EBERSWALDE. Jugendliche sollen an einer Schule in Eberswalde (Barnim) Mitschüler sexuell belästigt haben. Die Landtagsopposition kritisiert, dass der Schulträger nicht informiert worden sei. Stimmt nicht, heißt es aus dem Ministerium.

Nach Bekanntwerden der Vorfälle von Mitte Februar habe die Schulleitung sofort Anzeige erstattet und das zuständige Jugendamt informiert, sagte Florian Engels, Sprecher des Bildungsministeriums, am Freitag in Potsdam. Die Fraktion von Bündnis 90/Die Grünen hatte nach eigenen Angaben im Kreistag mit einer Anfrage auf das Thema hingewiesen.

Ihr Fraktionsvorsitzender Stefan Böhmer kritisierte in einer Mitteilung, die Vorkommnisse seien dem Landkreis als Schulträger nicht mitgeteilt worden.
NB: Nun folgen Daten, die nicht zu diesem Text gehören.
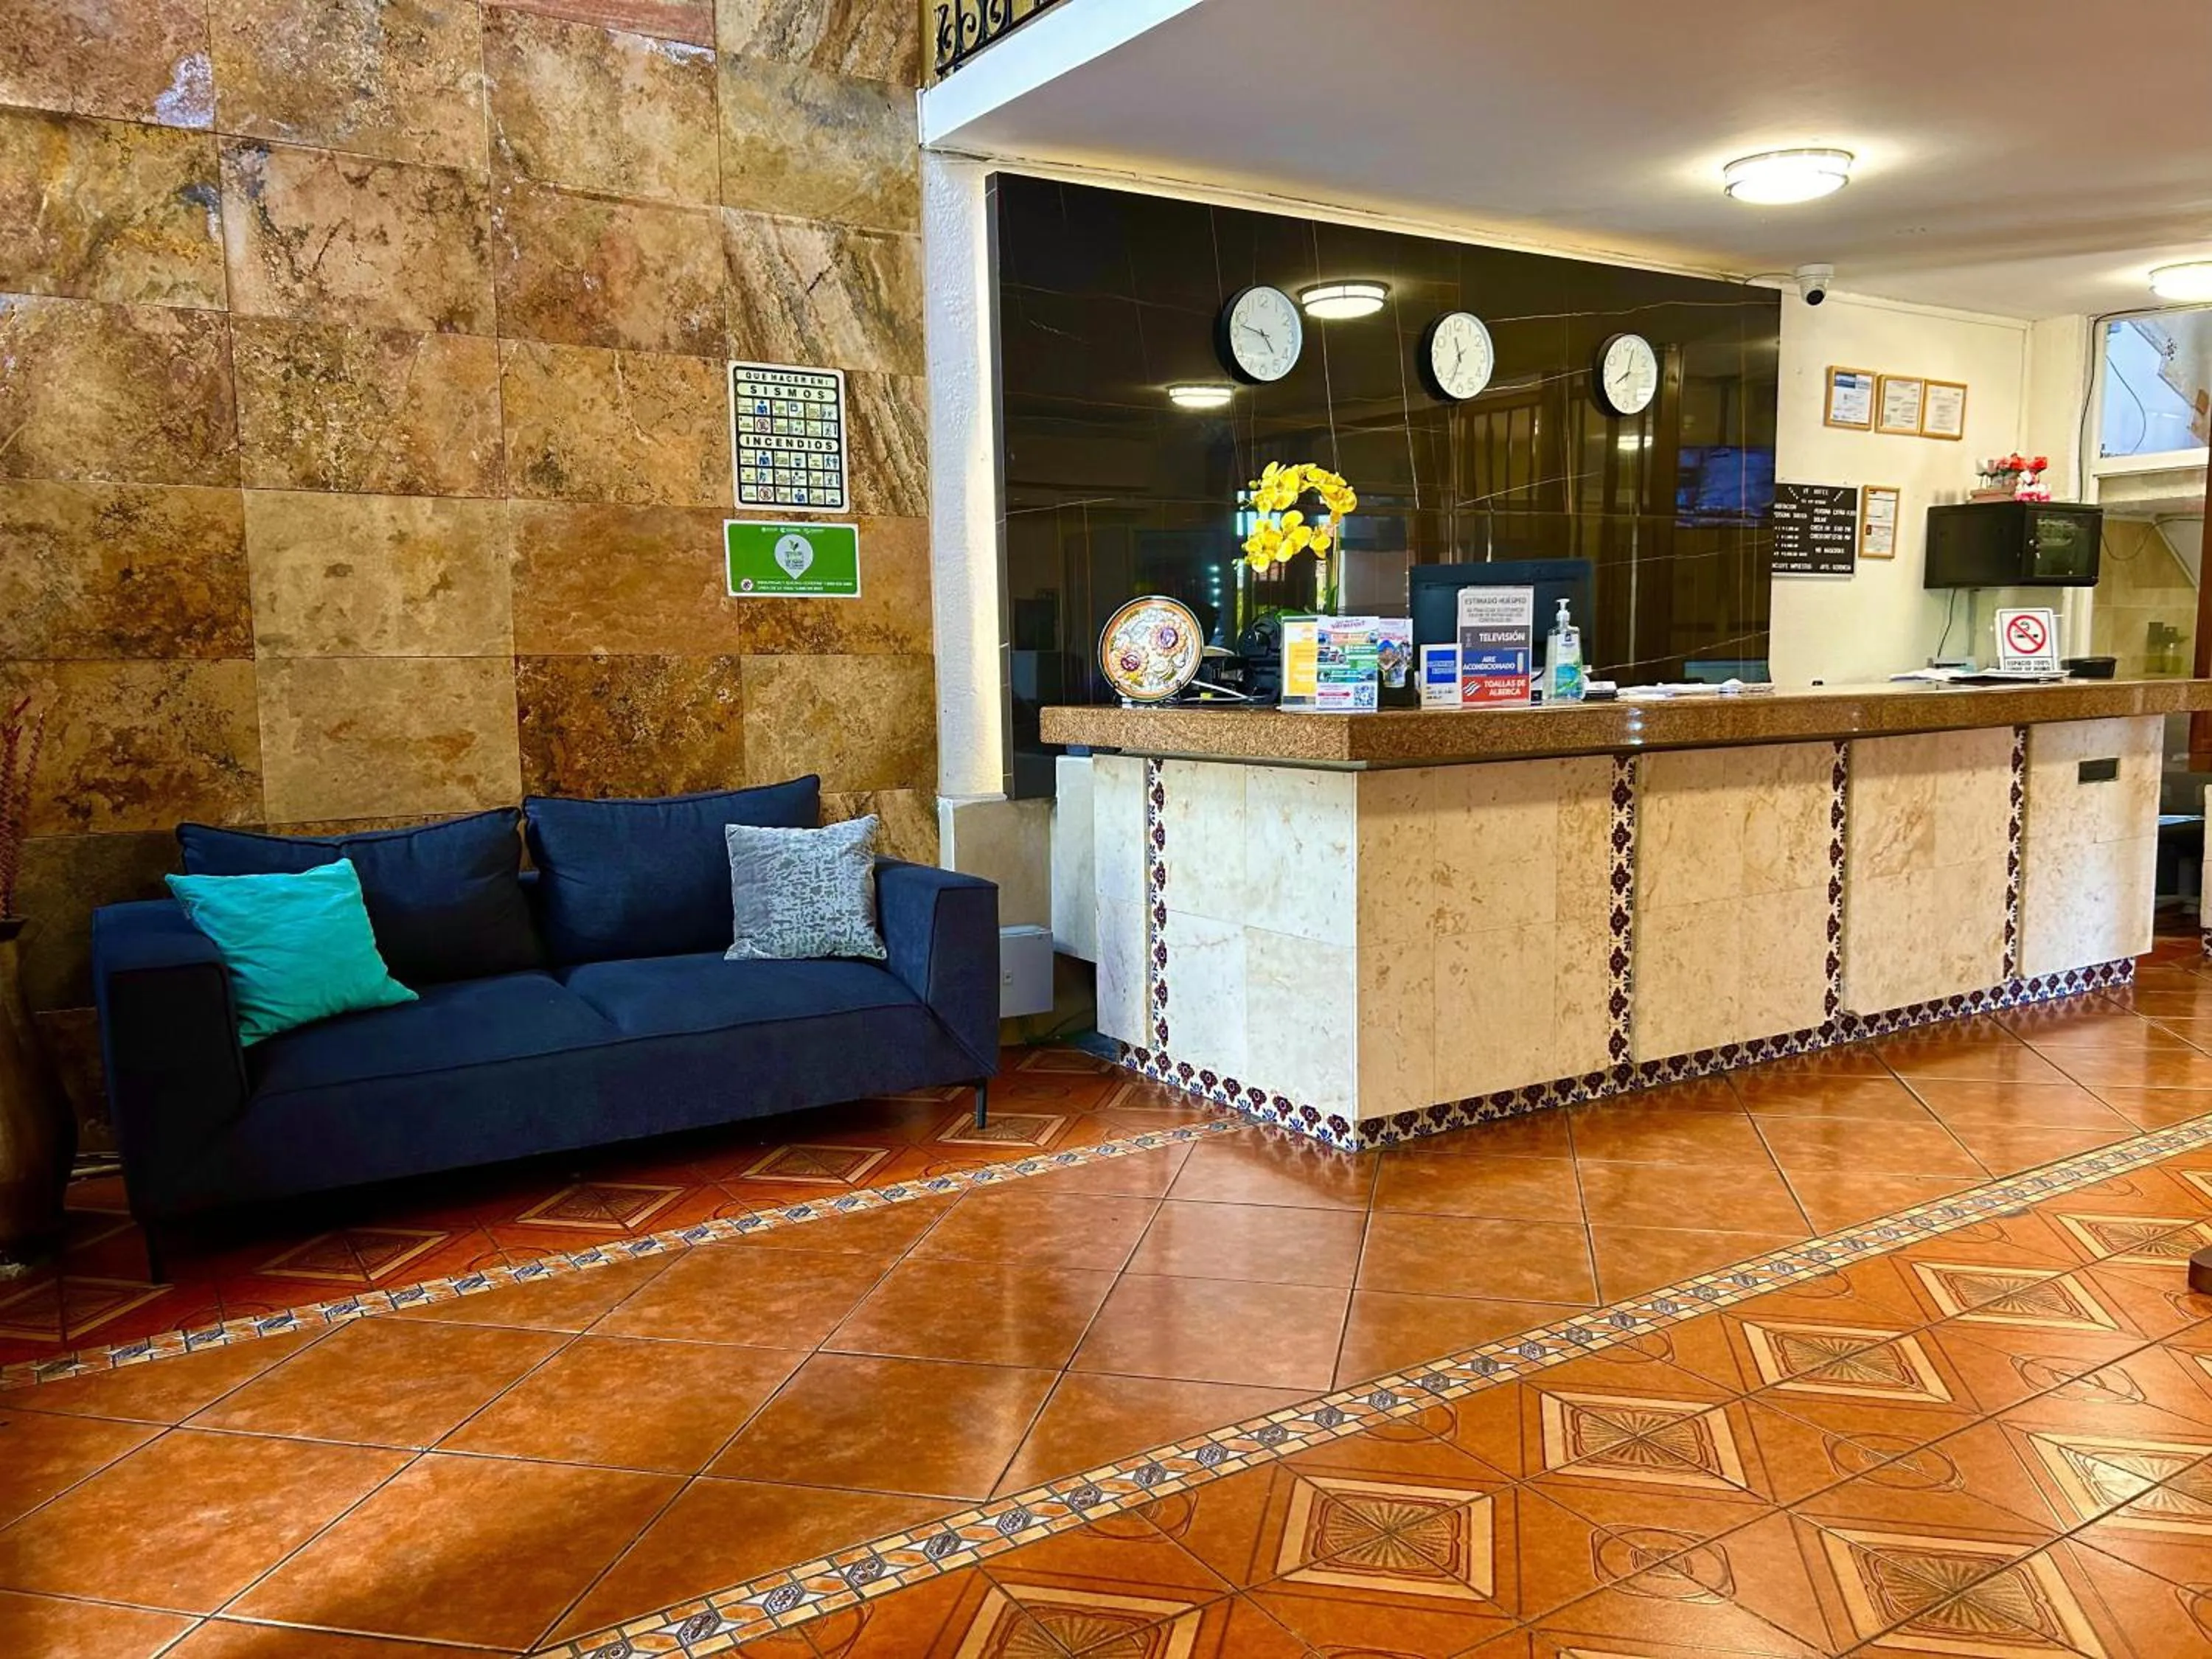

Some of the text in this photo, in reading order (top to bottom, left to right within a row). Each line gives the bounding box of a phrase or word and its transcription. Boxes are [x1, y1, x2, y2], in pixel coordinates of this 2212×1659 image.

[746, 372, 767, 381] QUE
[771, 374, 807, 383] HACER
[750, 385, 825, 400] SISMOS
[745, 437, 832, 451] INCENDIOS
[1478, 629, 1526, 642] TELEVISIÓN
[1484, 679, 1526, 688] TOALLAS DE
[1489, 687, 1522, 697] ALBERCA
Auch im Lehrerkollegium seien die Umstände der Übergriffe und präventive Maßnahmen nicht besprochen worden. Engels wies dies zurück. Durch die Erstattung der Anzeige habe auch der Kreis von dem Vorgang gewusst, sagte er. Im Lehrerkollegium sei darüber intensiv gesprochen worden.

Bündnis 90/Die Grünen forderten Schulträger, Fachaufsicht und Schulleitung auf, über die sexuellen Übergriffe schnellstmöglich mit Lehrern, Schulhelfern und Eltern offen und transparent zu sprechen. Zudem solle ein umfassendes Präventionskonzept zur Verhinderung sexueller Gewalt verfasst und mit allen Beteiligten abgestimmt werden, hieß es in der Mitteilung. (dpa)

Ein Kommentar

  1. Christian Möller

    Zitat: „Bündnis 90/Die Grünen forderten Schulträger, Fachaufsicht und Schulleitung auf, über die sexuellen Übergriffe schnellstmöglich mit Lehrern, Schulhelfern und Eltern offen und transparent zu sprechen.“
    Heuchler!
    Bei wem dreht sich denn alles um „sexuelle Vielfalt“ im Unterricht und um frühes Ausprobieren?
    Und wie sieht der offene und transparente Umgang mit eigenen sexuellen Übergriffen aus? Es wird immer nur das zugegeben und bedauert, was nicht mehr zu verheimlichen ist. Dieser Tage ist Frau Künast dran, ihr Verhalten in der Vergangenheit zutiefst zu bereuen.